Reprint all of the data below exactly as shown and skip every image.

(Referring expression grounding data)
▶
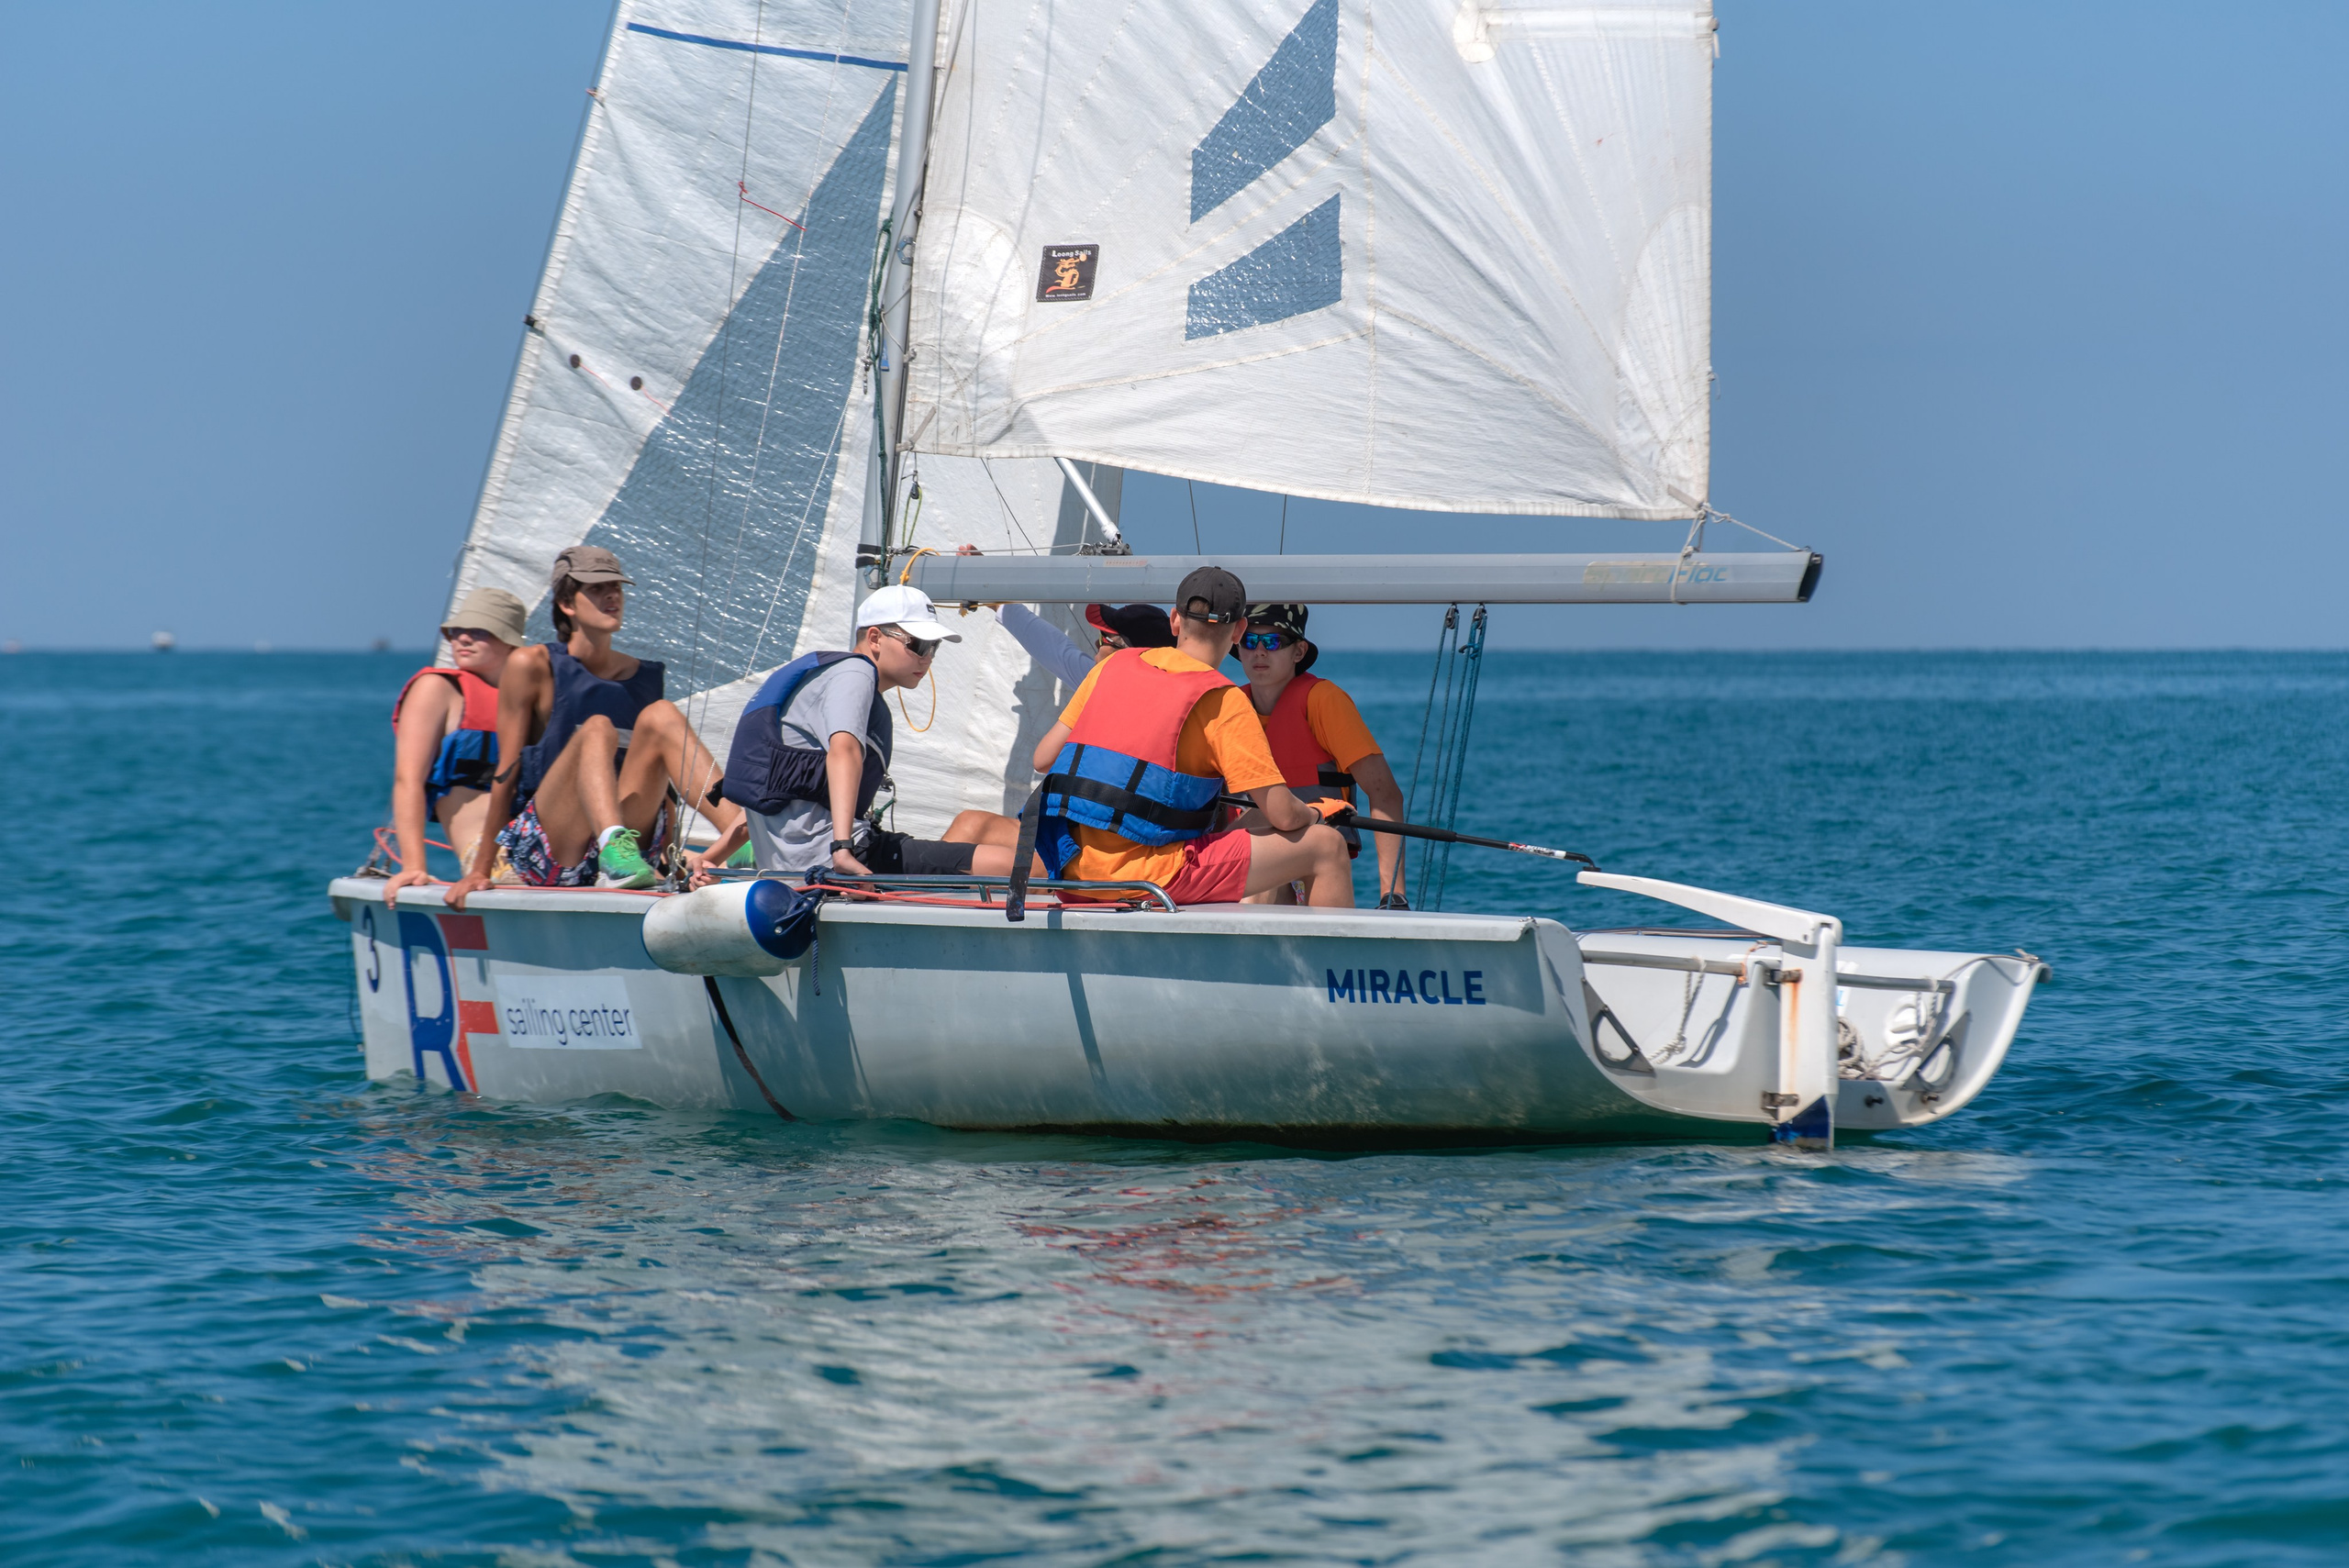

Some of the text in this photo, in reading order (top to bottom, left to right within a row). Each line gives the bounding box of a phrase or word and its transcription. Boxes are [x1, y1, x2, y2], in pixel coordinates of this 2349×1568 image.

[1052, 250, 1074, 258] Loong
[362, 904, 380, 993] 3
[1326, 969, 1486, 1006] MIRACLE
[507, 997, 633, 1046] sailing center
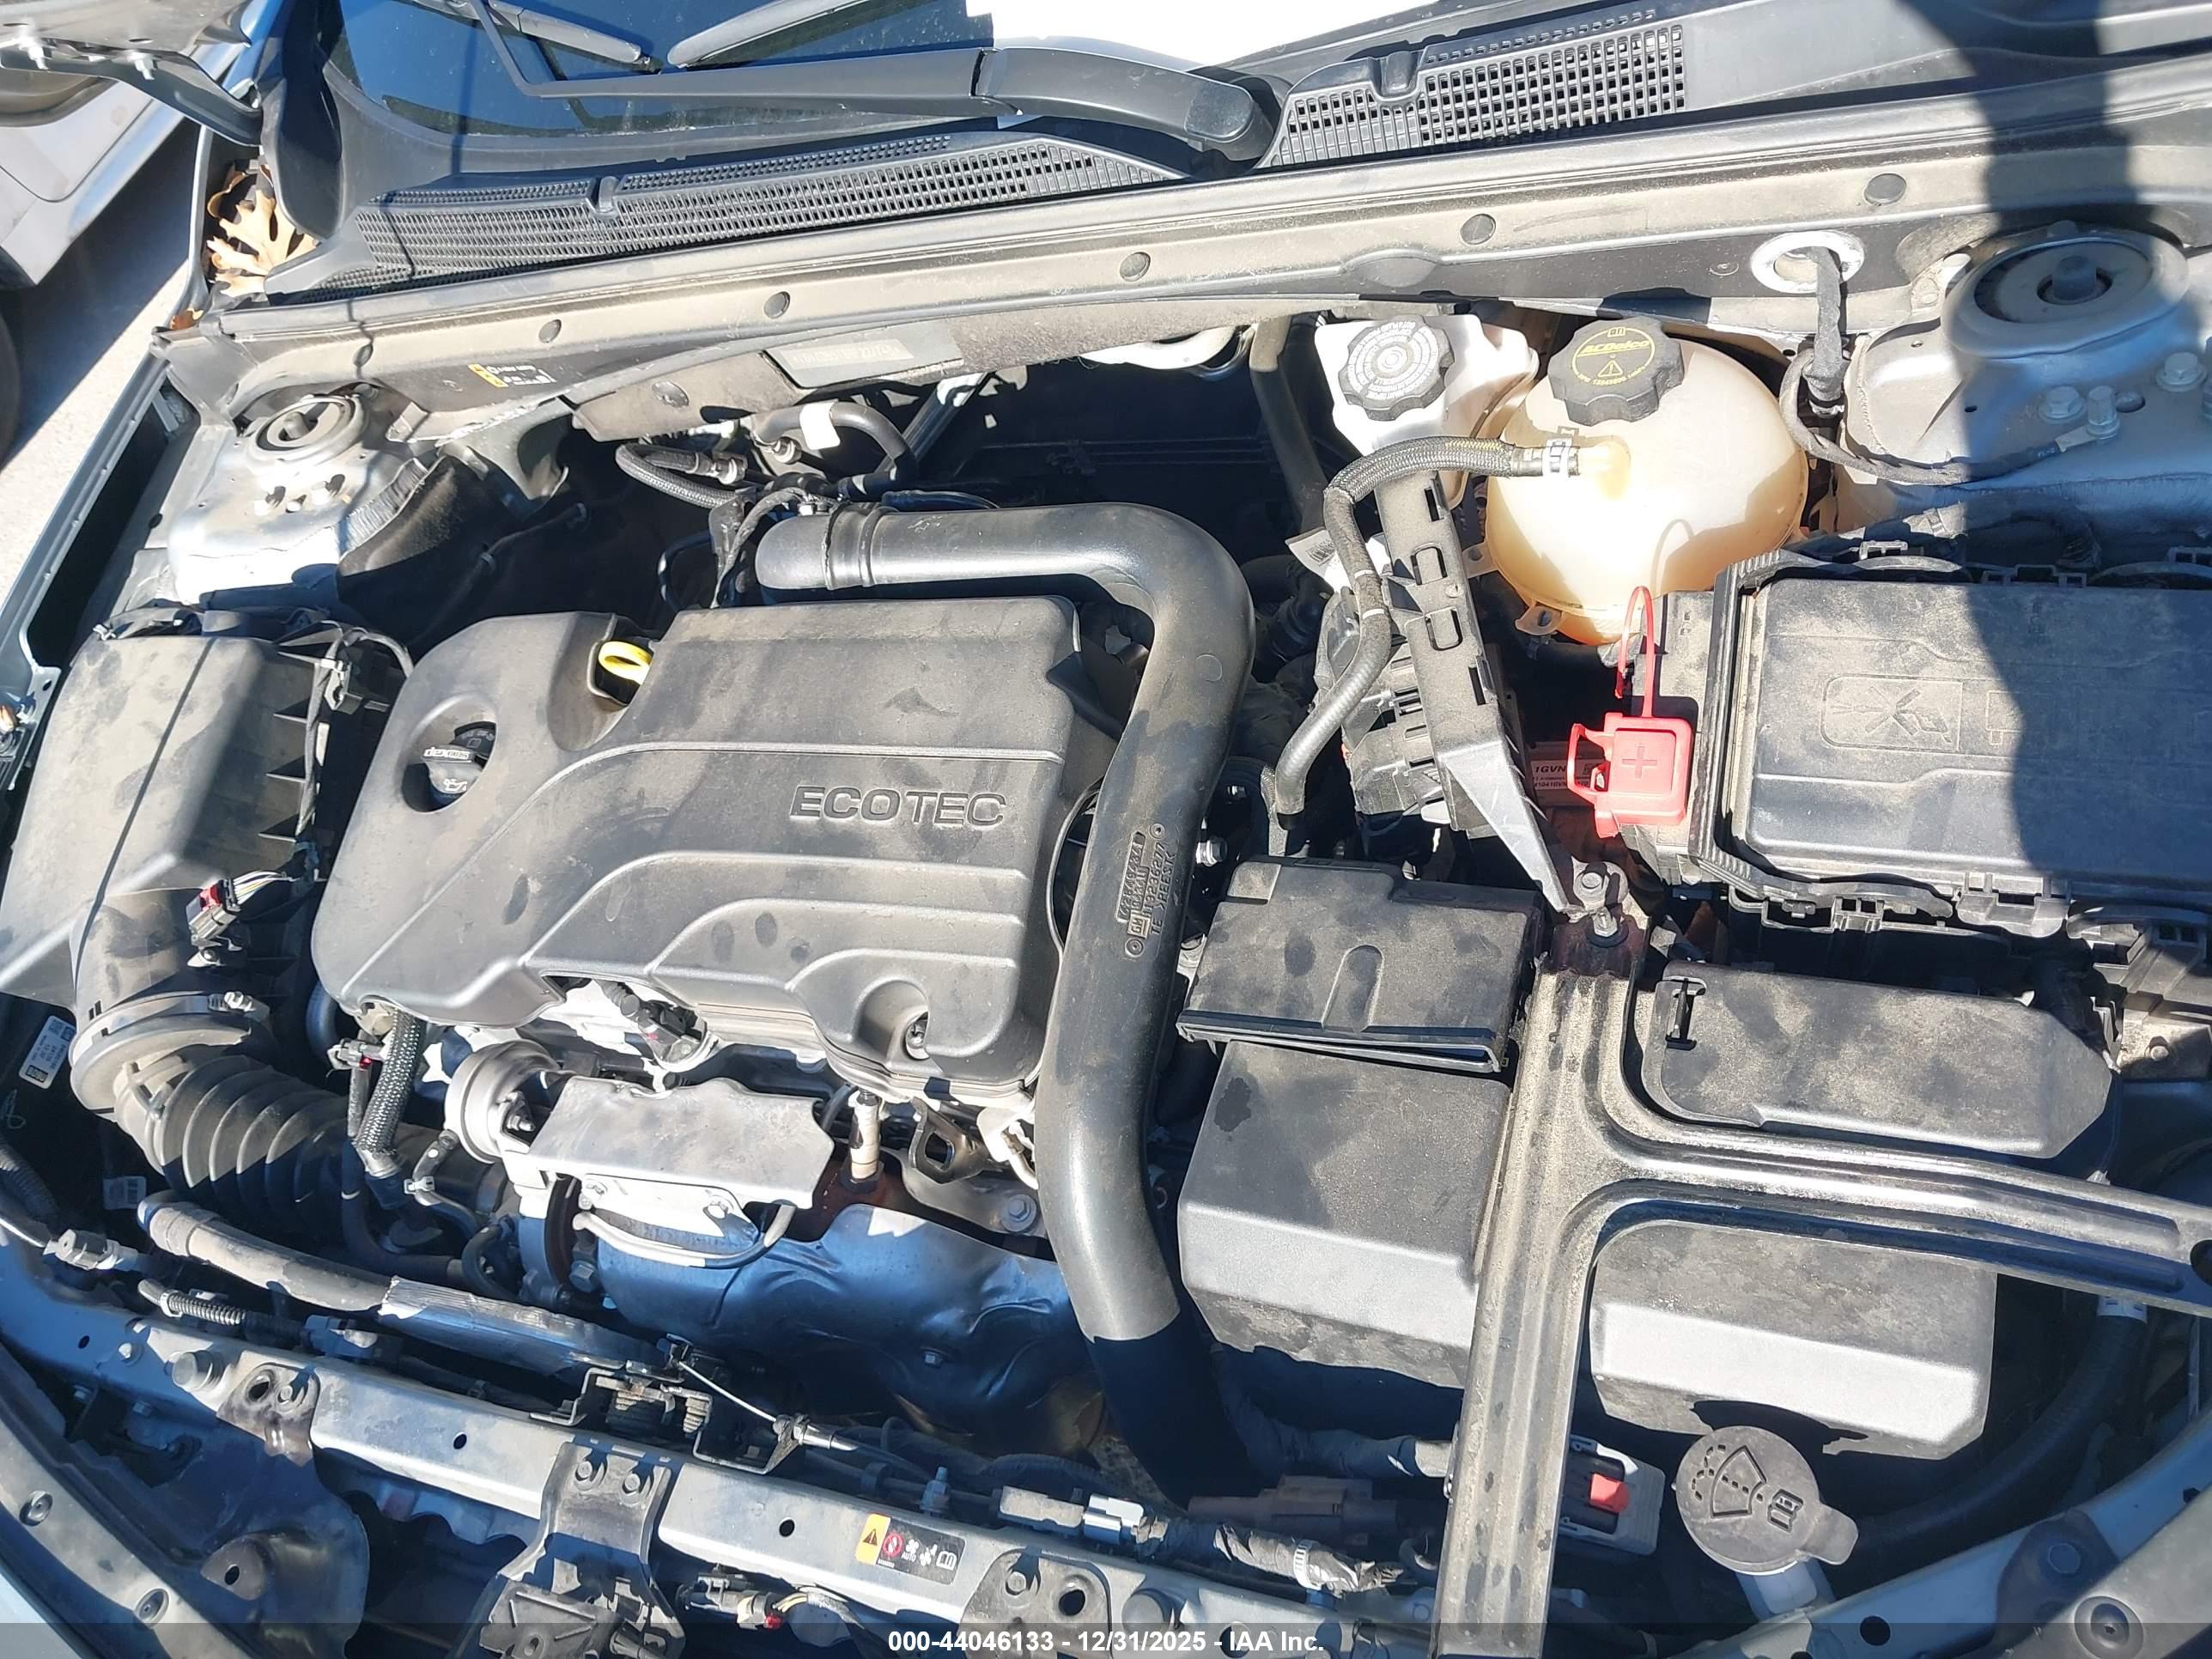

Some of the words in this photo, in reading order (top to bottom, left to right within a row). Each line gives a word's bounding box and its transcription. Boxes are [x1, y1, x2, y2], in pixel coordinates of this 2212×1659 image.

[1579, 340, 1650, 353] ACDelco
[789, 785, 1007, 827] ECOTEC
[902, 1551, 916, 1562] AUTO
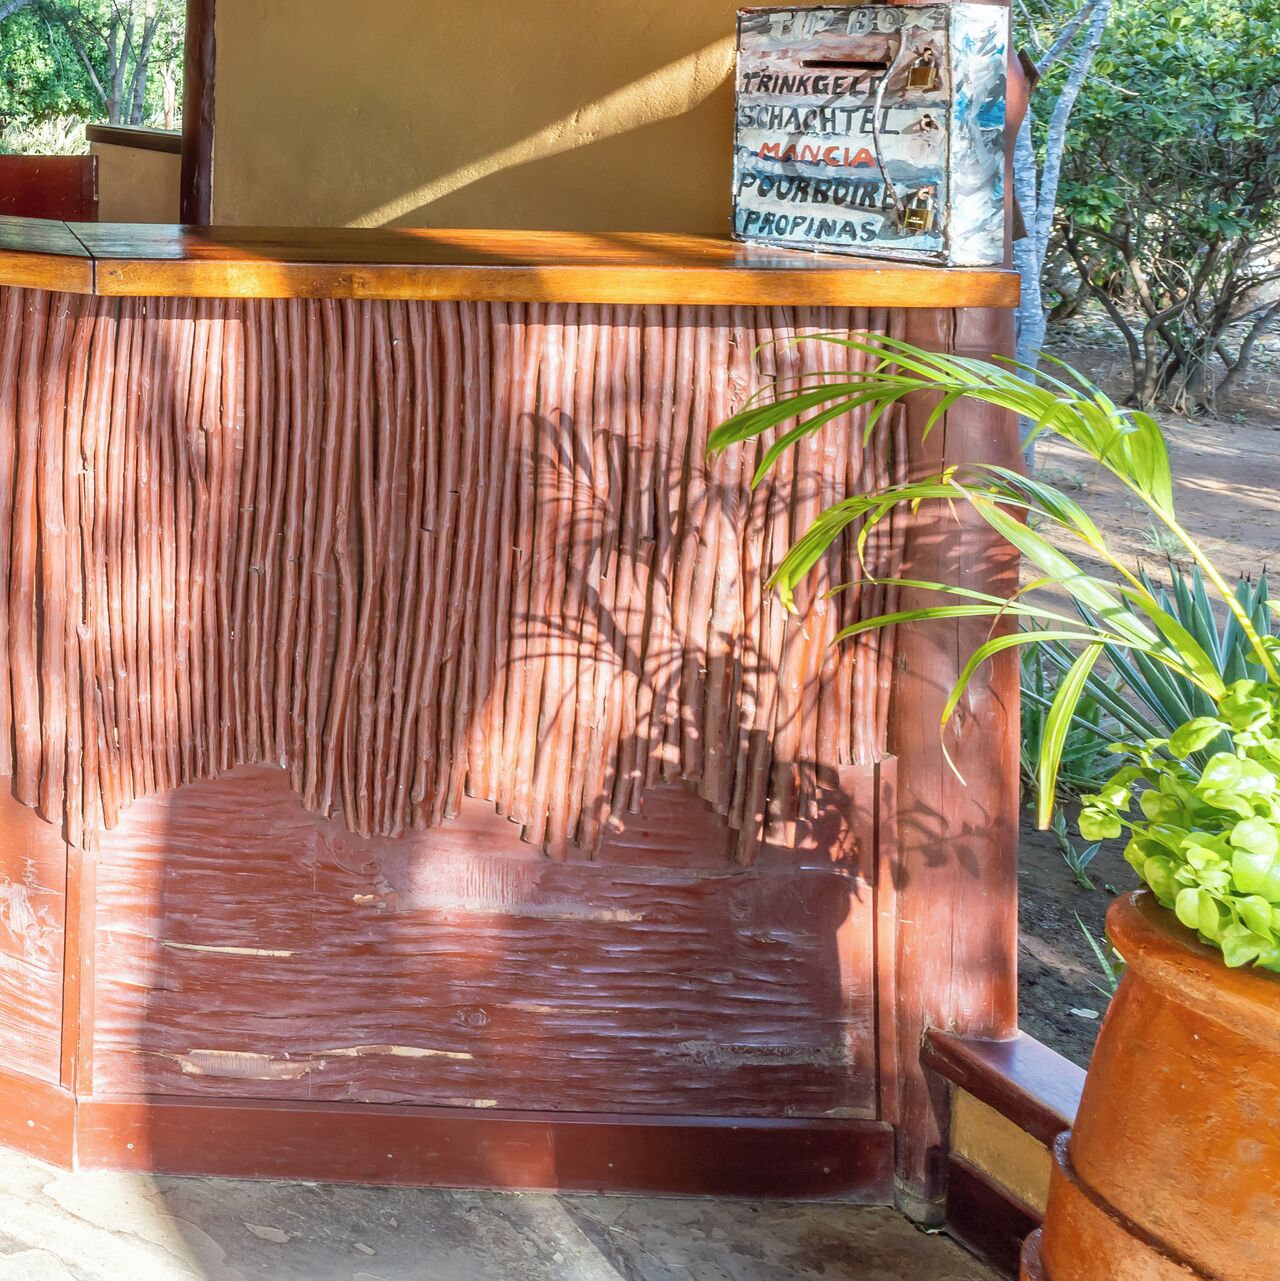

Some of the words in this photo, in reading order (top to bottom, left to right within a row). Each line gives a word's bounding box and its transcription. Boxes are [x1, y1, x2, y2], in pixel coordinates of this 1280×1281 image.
◀
Reply to the exercise —
Some of the text in this photo, in reading order (top to bottom, left to right within a row). Each line gives the bounding box of a phrase or word and its transcription. Boxes are [x1, y1, x2, y2], in pixel coordinates of this 2349×1568 image.

[1052, 250, 1074, 258] Loong
[362, 904, 380, 993] 3
[1326, 969, 1486, 1006] MIRACLE
[507, 997, 633, 1046] sailing center

Some of the words in this photo, in reading order (top to bottom, left to right within a row). Each line gives a word's bounding box and its transcription. Boxes are [x1, y1, x2, y2], in pixel coordinates of this 2212×1659 image.

[1579, 340, 1650, 353] ACDelco
[789, 785, 1007, 827] ECOTEC
[902, 1551, 916, 1562] AUTO

Some of the words in this photo, in reading order (top to bottom, left to right within a row). Each line gives a word's bounding box and its transcription. Boxes are [x1, y1, x2, y2], in pixel coordinates of this 1280×1281 image.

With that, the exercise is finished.